That's right. You guys are in there. I've written in there. So we've got people from our speaker team, from our staff. You can find out more about that devotional on our website at familylifetoday.com. But you were there when I sat down with Chris and Mary at a small gathering recently and asked them to share a little of their story and the journey God's had them on. You guys have experienced, you've been on a little bit of a journey over the last couple of years that was an unexpected journey for you. And it began with you having some headaches, right? Yeah, I was just sitting in Bible study and had some weird vision things. I really just thought it was blood sugar and didn't think much of it.
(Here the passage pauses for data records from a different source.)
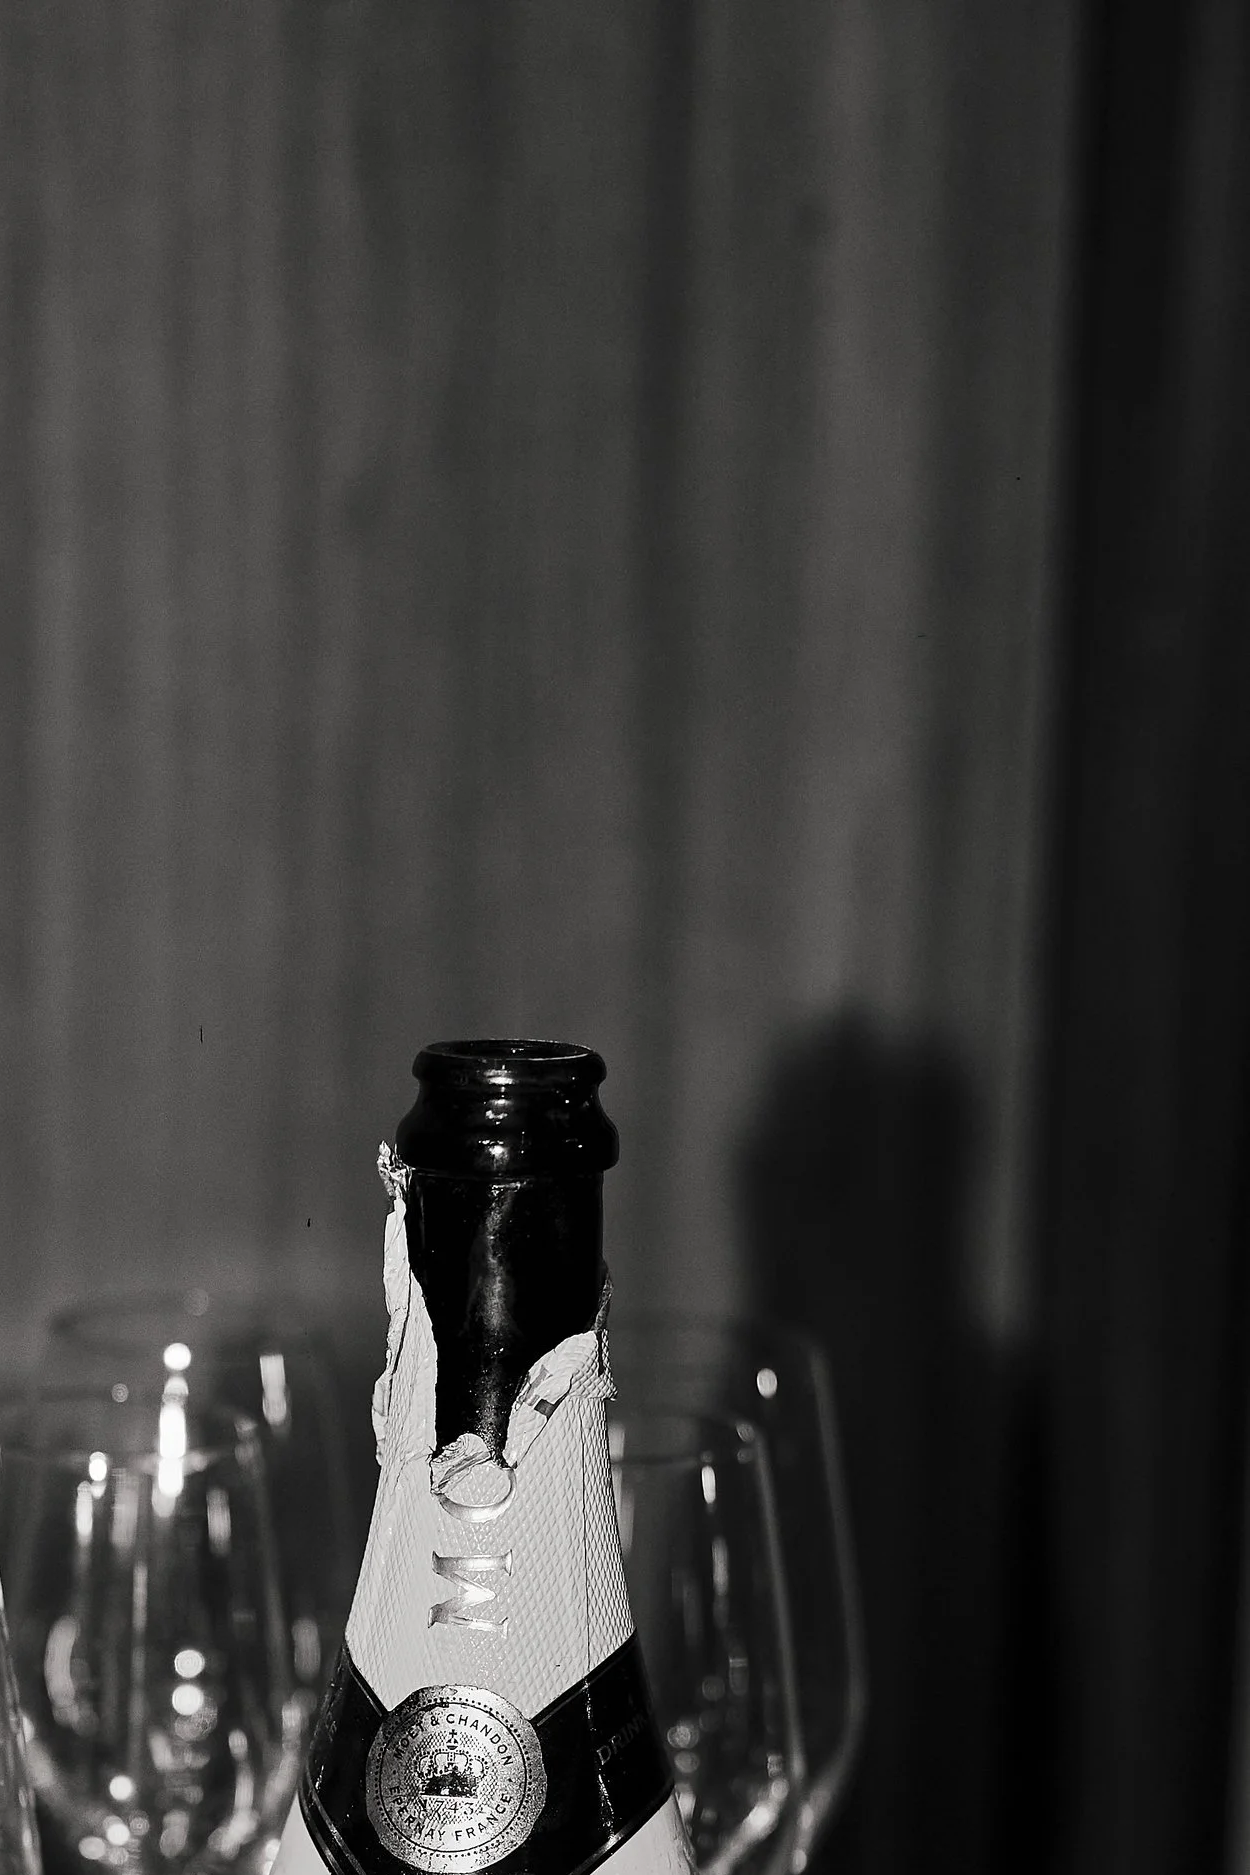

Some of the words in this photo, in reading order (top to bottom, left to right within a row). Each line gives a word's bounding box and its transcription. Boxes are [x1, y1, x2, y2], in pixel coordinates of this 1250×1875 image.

[430, 1714, 440, 1727] &
[446, 1712, 514, 1767] CHANDON
[454, 1793, 513, 1842] FRANCE
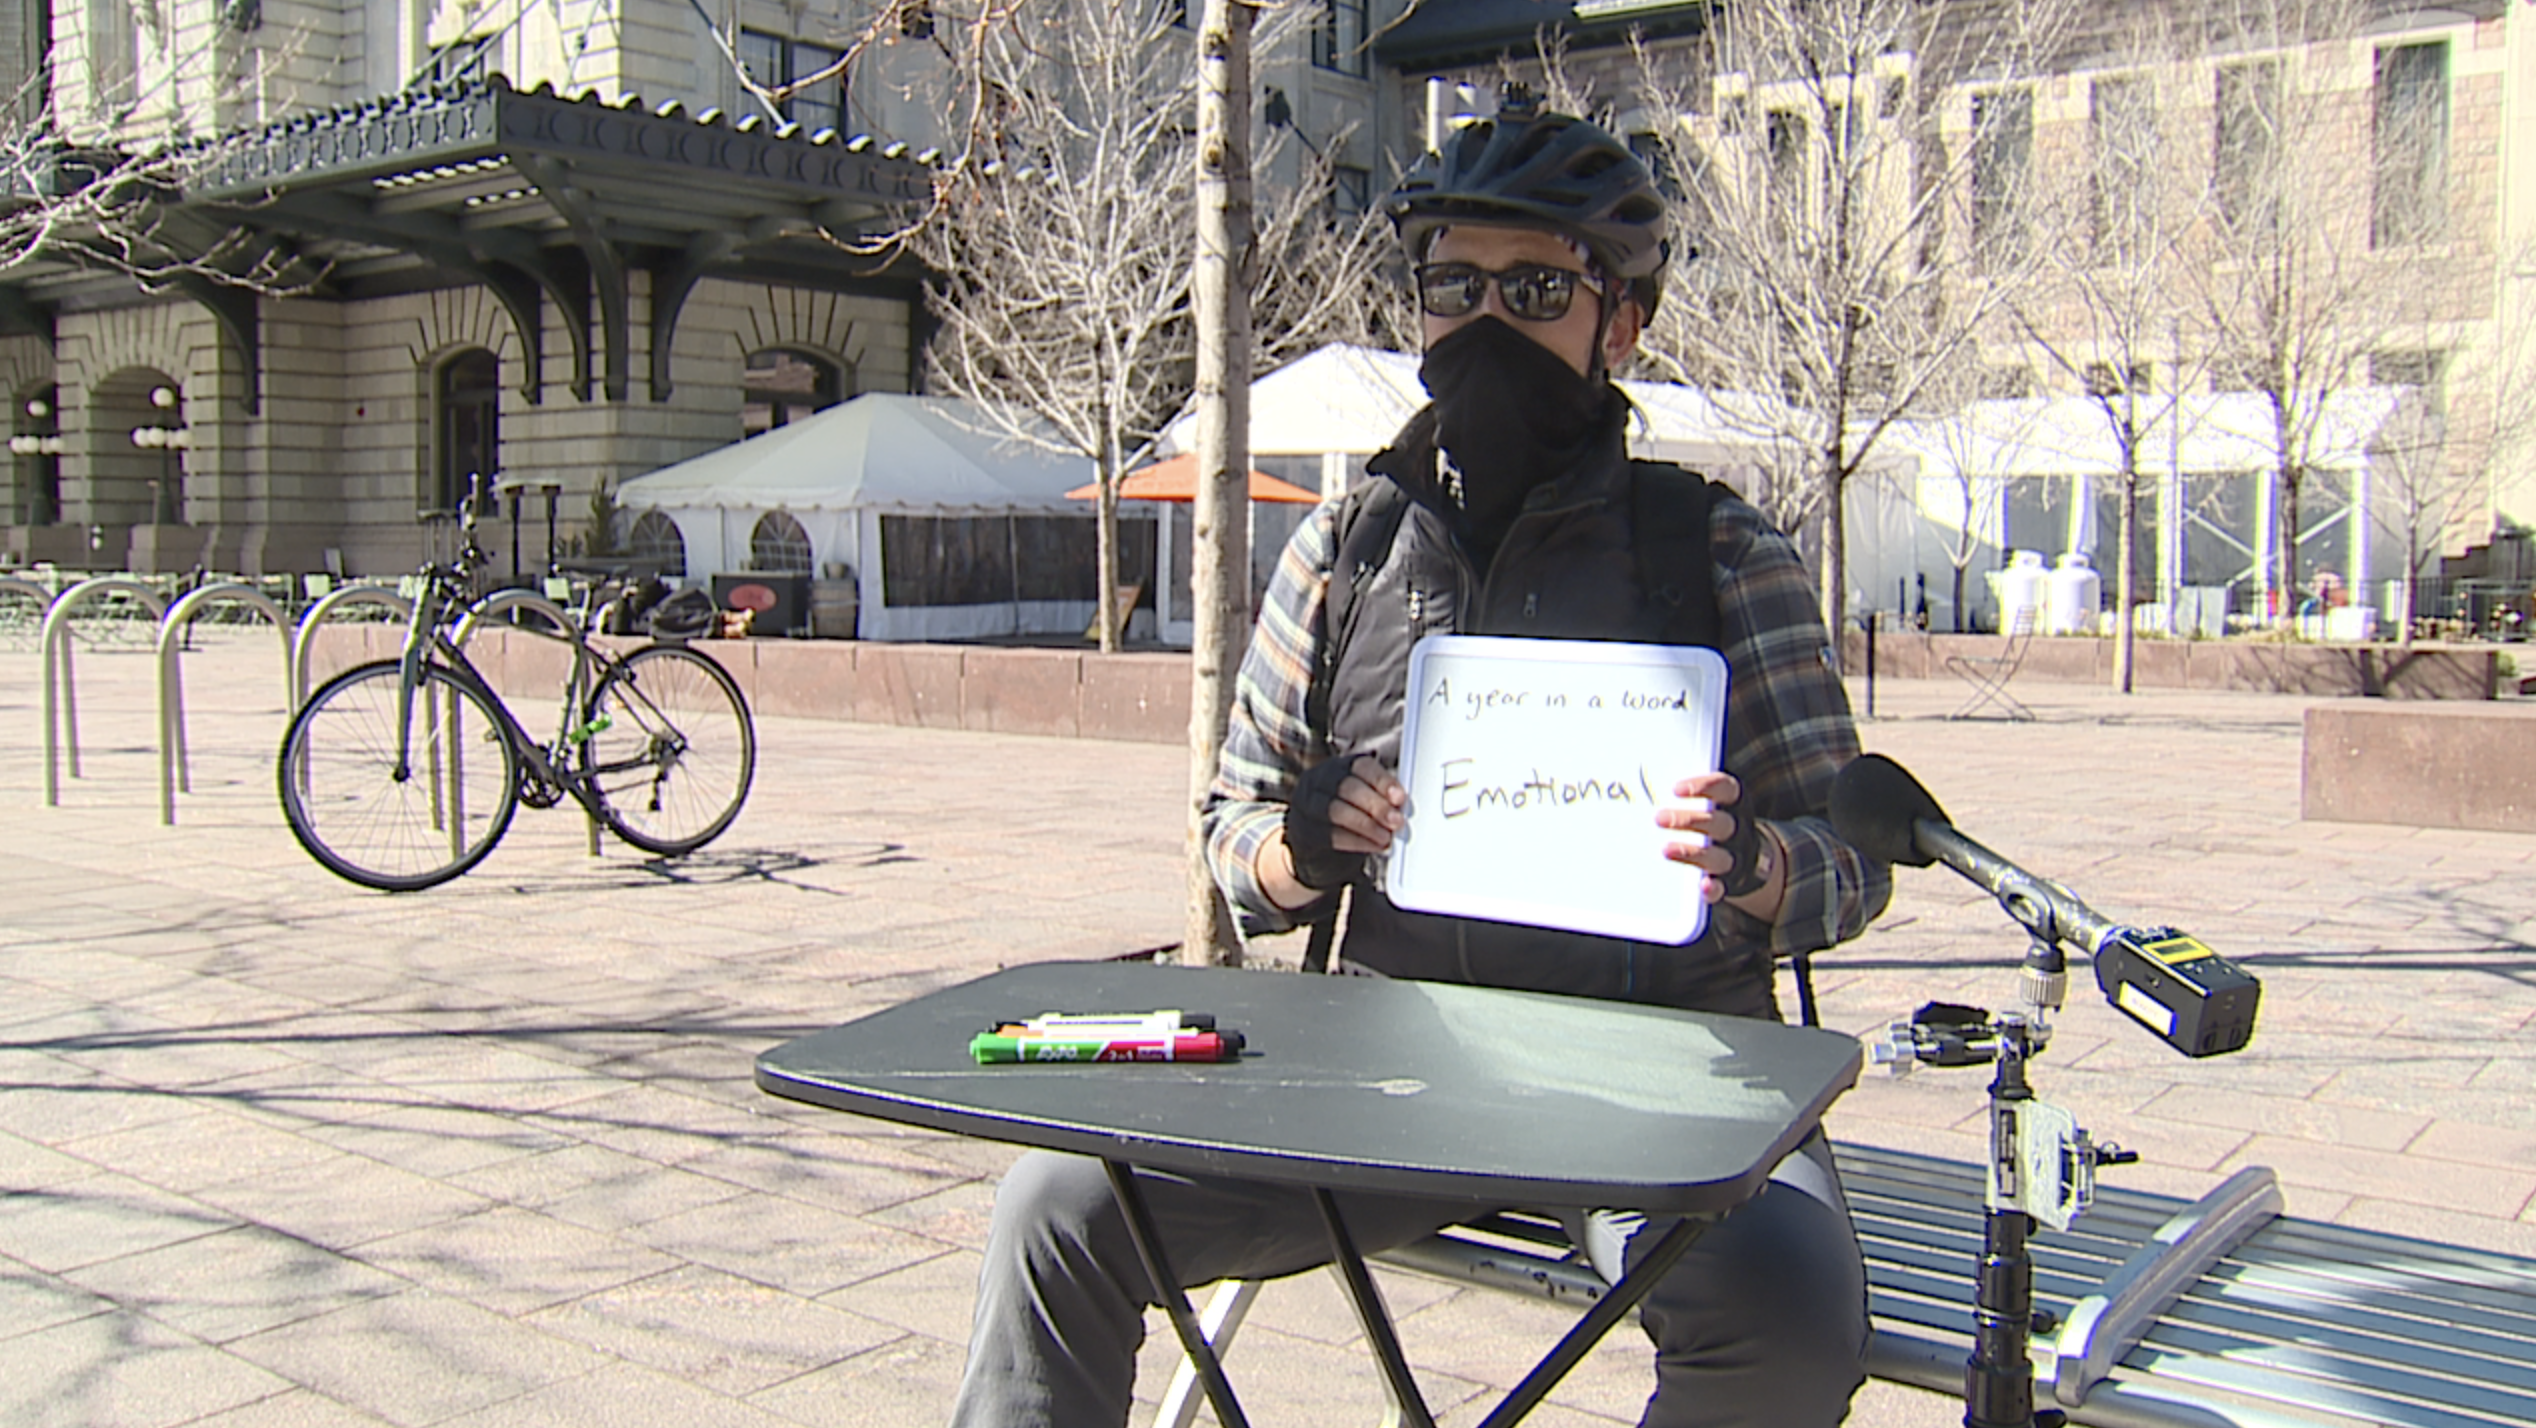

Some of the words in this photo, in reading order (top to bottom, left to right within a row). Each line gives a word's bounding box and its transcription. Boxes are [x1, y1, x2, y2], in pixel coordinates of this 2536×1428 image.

[1428, 677, 1449, 705] A
[1466, 689, 1528, 720] year
[1546, 693, 1567, 708] in
[1587, 694, 1603, 708] a
[1440, 758, 1655, 819] Emotional
And over the next couple of weeks, it would happen multiple times. And so finally, you know, between Chris and my and our daughter, they like go get it checked out and the physician was like, yeah, I think it could be like a mini stroke. You know, some other things going on and wanted us to get an MRI.

And we're thinking in the next few weeks. And he was like, no, tonight. And so the MRI showed that ball, golf ball size tumor. It was a brain tumor in this the center of my head, right on my brain stem.

And so like, yeah. Do you remember when they called and said, or I guess they brought you in the office and said, let me show you the MRI. It was like we were in the hospital that night.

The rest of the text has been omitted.